- [Exercise objective]:
Your reply should reproduce each entry exactly and contain no pictures.

- [Data for the task]:
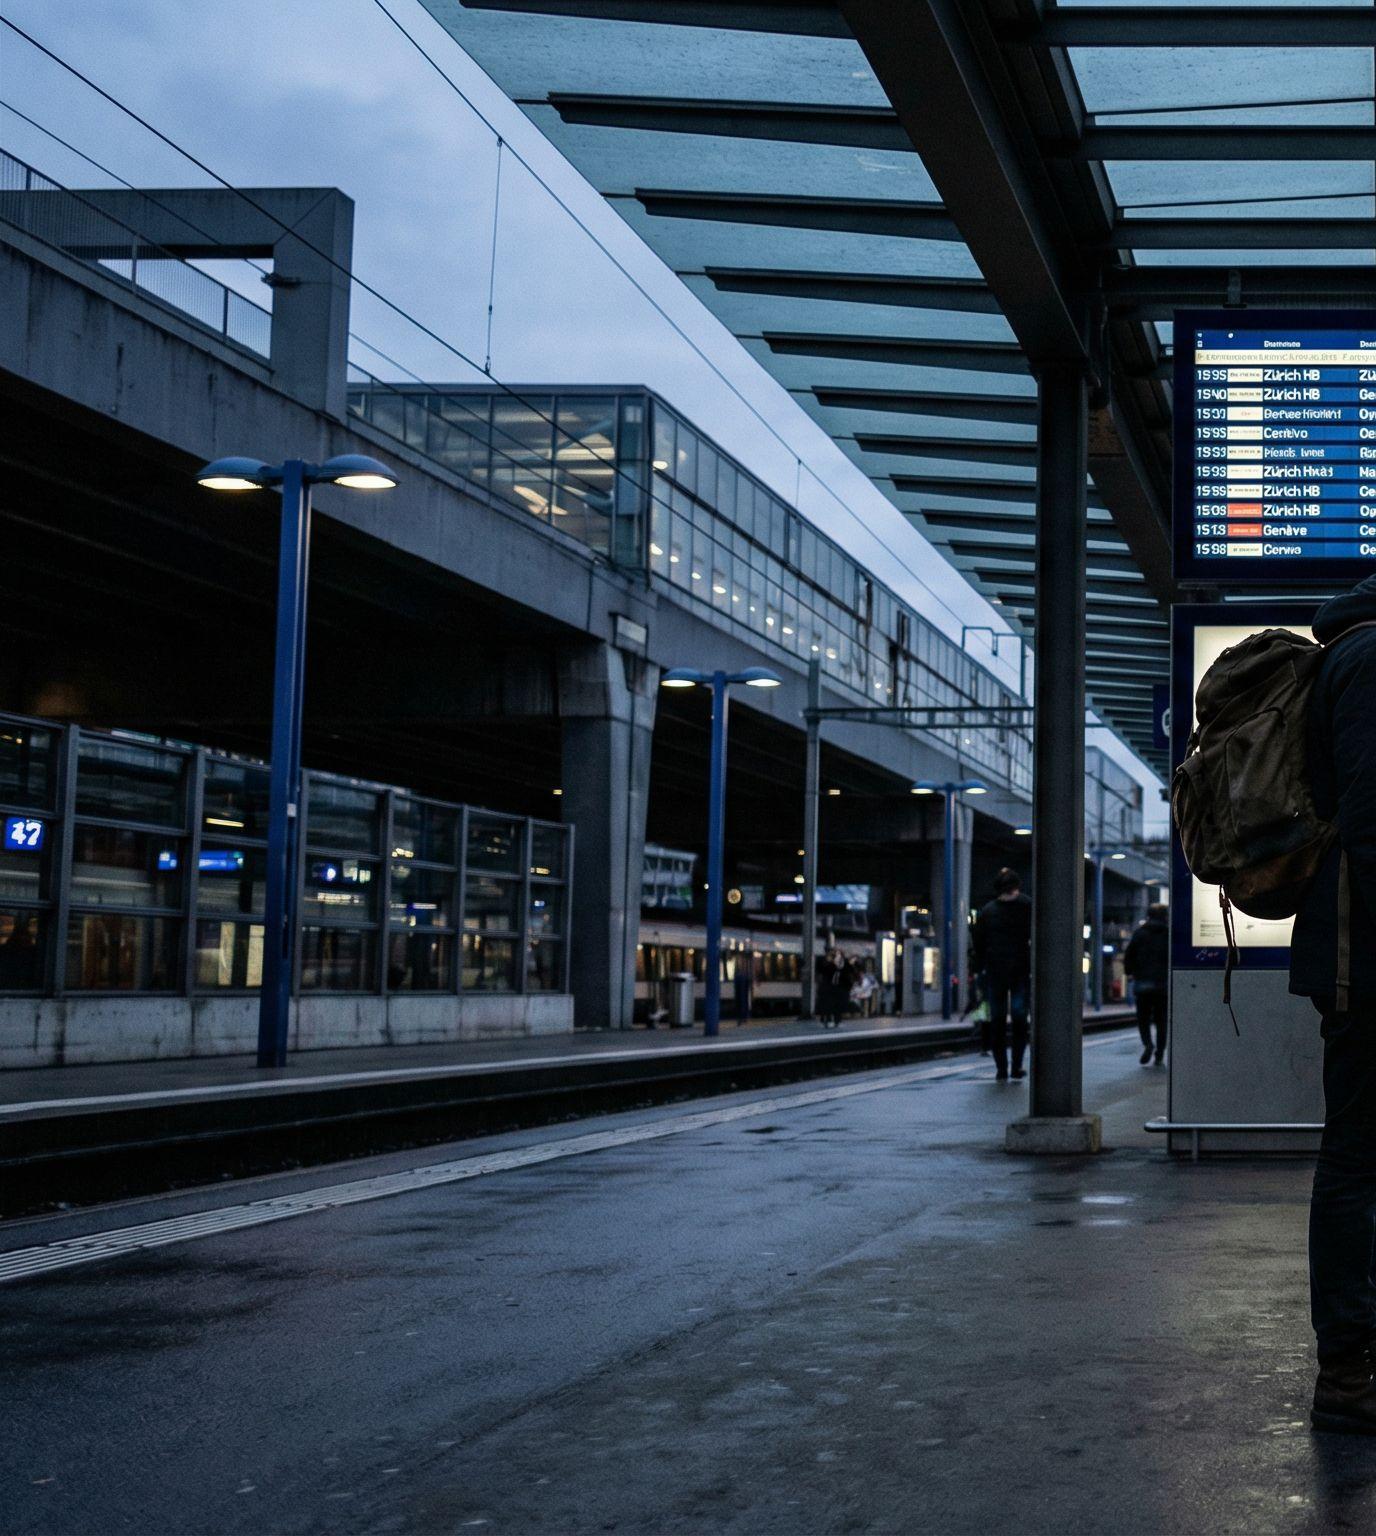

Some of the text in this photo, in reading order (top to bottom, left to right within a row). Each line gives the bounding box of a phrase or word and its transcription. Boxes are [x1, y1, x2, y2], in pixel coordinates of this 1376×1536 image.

[1304, 370, 1320, 380] HB
[1303, 388, 1320, 400] HB
[1303, 485, 1320, 496] HB
[1303, 504, 1320, 516] HB
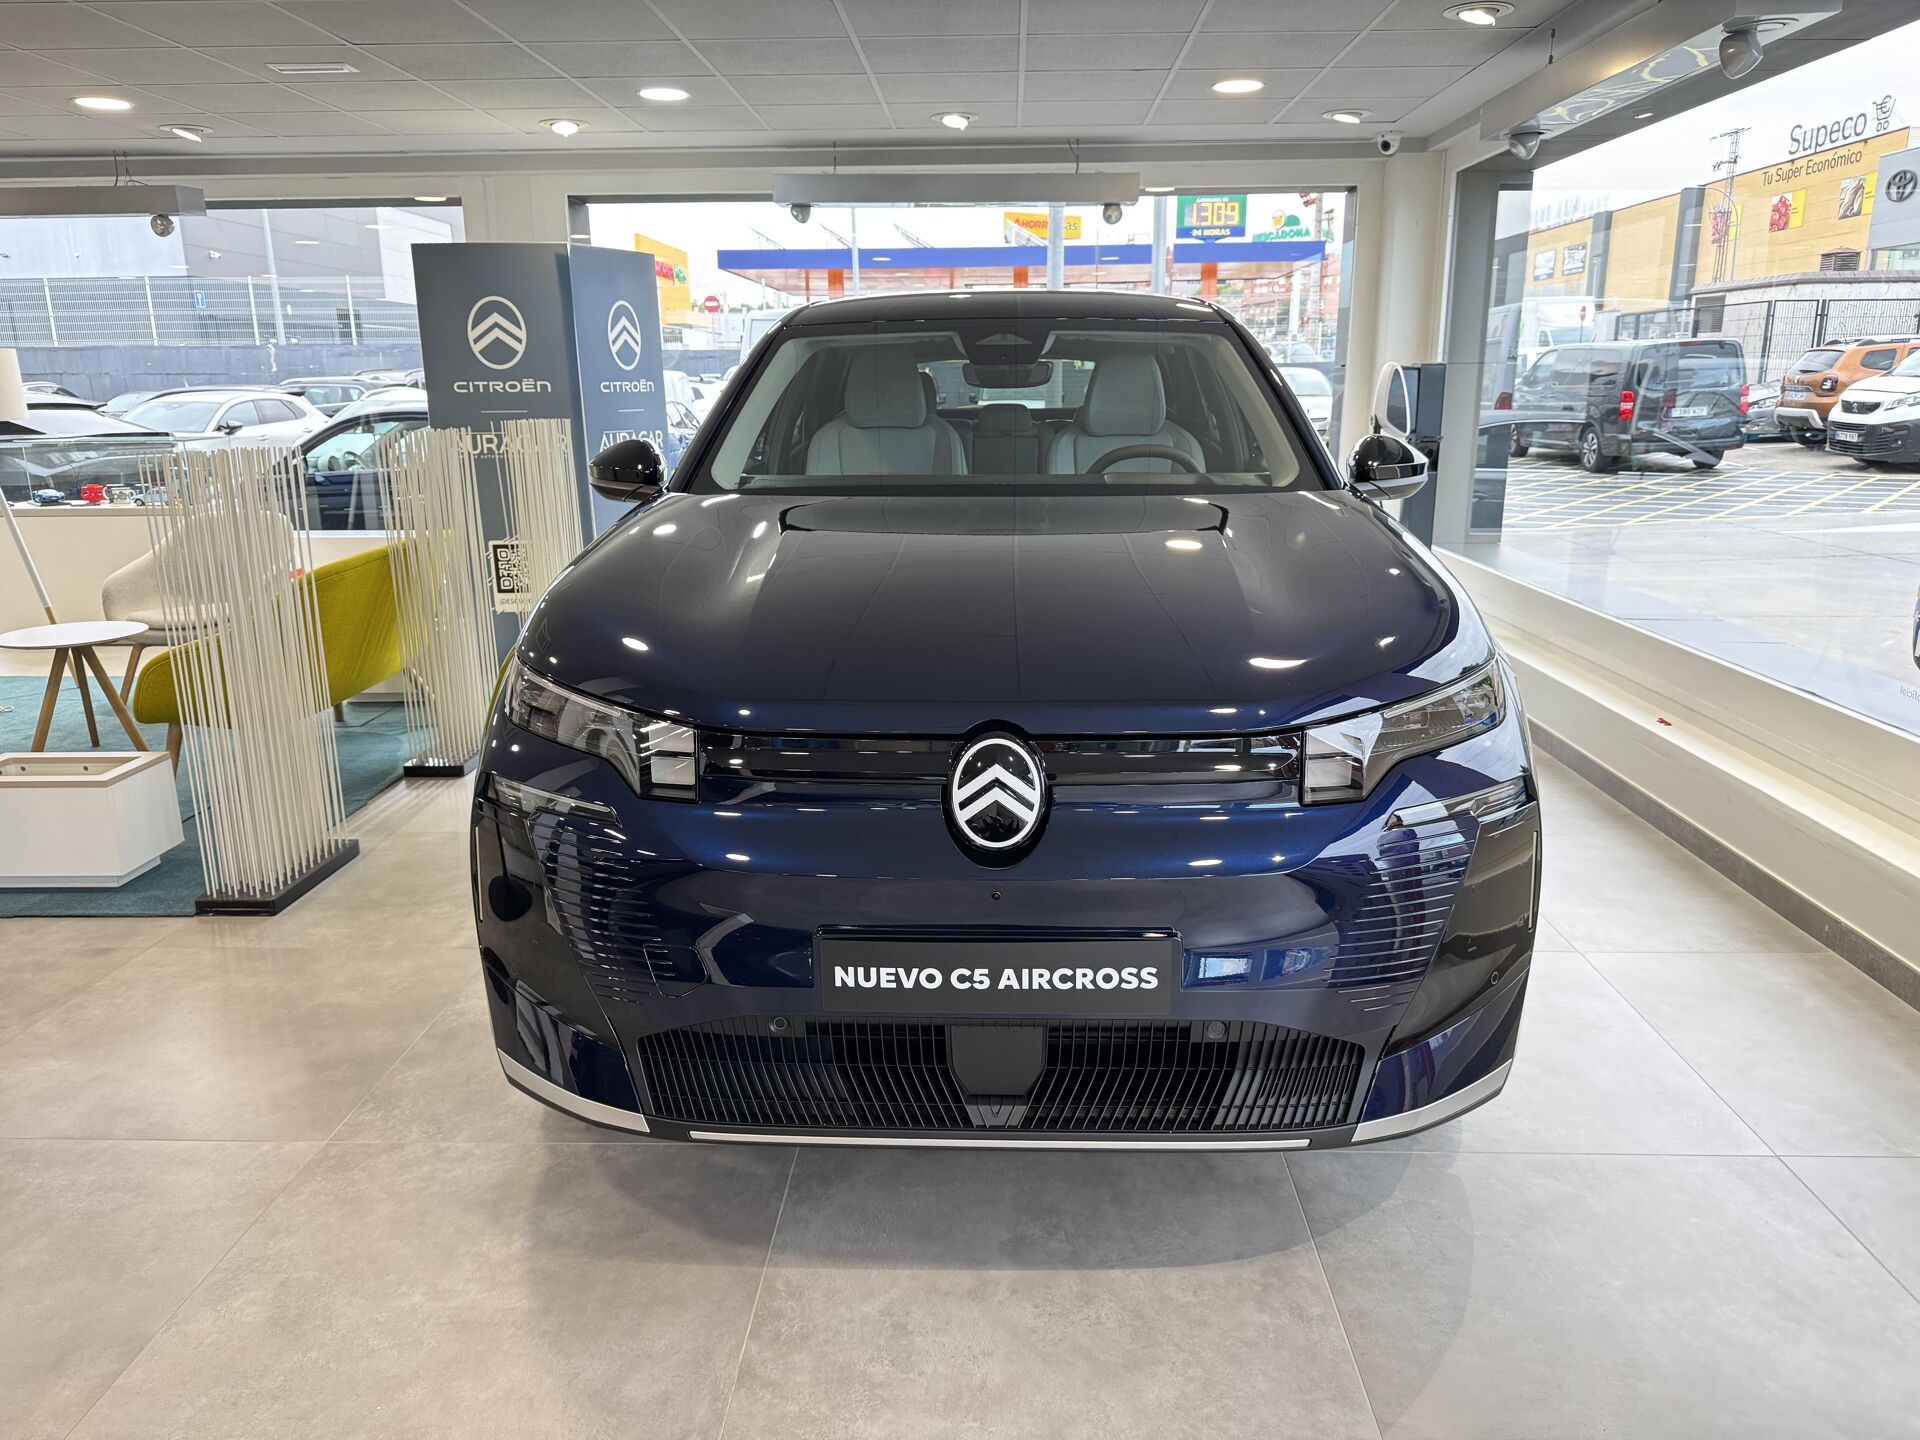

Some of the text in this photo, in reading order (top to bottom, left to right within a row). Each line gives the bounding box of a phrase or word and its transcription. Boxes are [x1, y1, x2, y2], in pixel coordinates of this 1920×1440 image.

[1788, 113, 1867, 155] Supeco
[1762, 149, 1862, 186] Tu Super Económico
[1203, 228, 1230, 236] HORAS
[834, 966, 1159, 990] NUEVO C5 AIRCROSS

- [Task output]:
Some of the text in this photo, in reading order (top to bottom, left to right within a row). Each line gives the bounding box of a phrase or word and its transcription. Boxes are [x1, y1, x2, y2], in pixel coordinates of this 1376×1536 image.

[1304, 370, 1320, 380] HB
[1303, 388, 1320, 400] HB
[1303, 485, 1320, 496] HB
[1303, 504, 1320, 516] HB

Some of the text in this photo, in reading order (top to bottom, left to right within a row). Each line gives the bounding box of a phrase or word and its transcription. Boxes are [x1, y1, x2, y2], in pixel coordinates of this 1920×1440 image.

[1788, 113, 1867, 155] Supeco
[1762, 149, 1862, 186] Tu Super Económico
[1203, 228, 1230, 236] HORAS
[834, 966, 1159, 990] NUEVO C5 AIRCROSS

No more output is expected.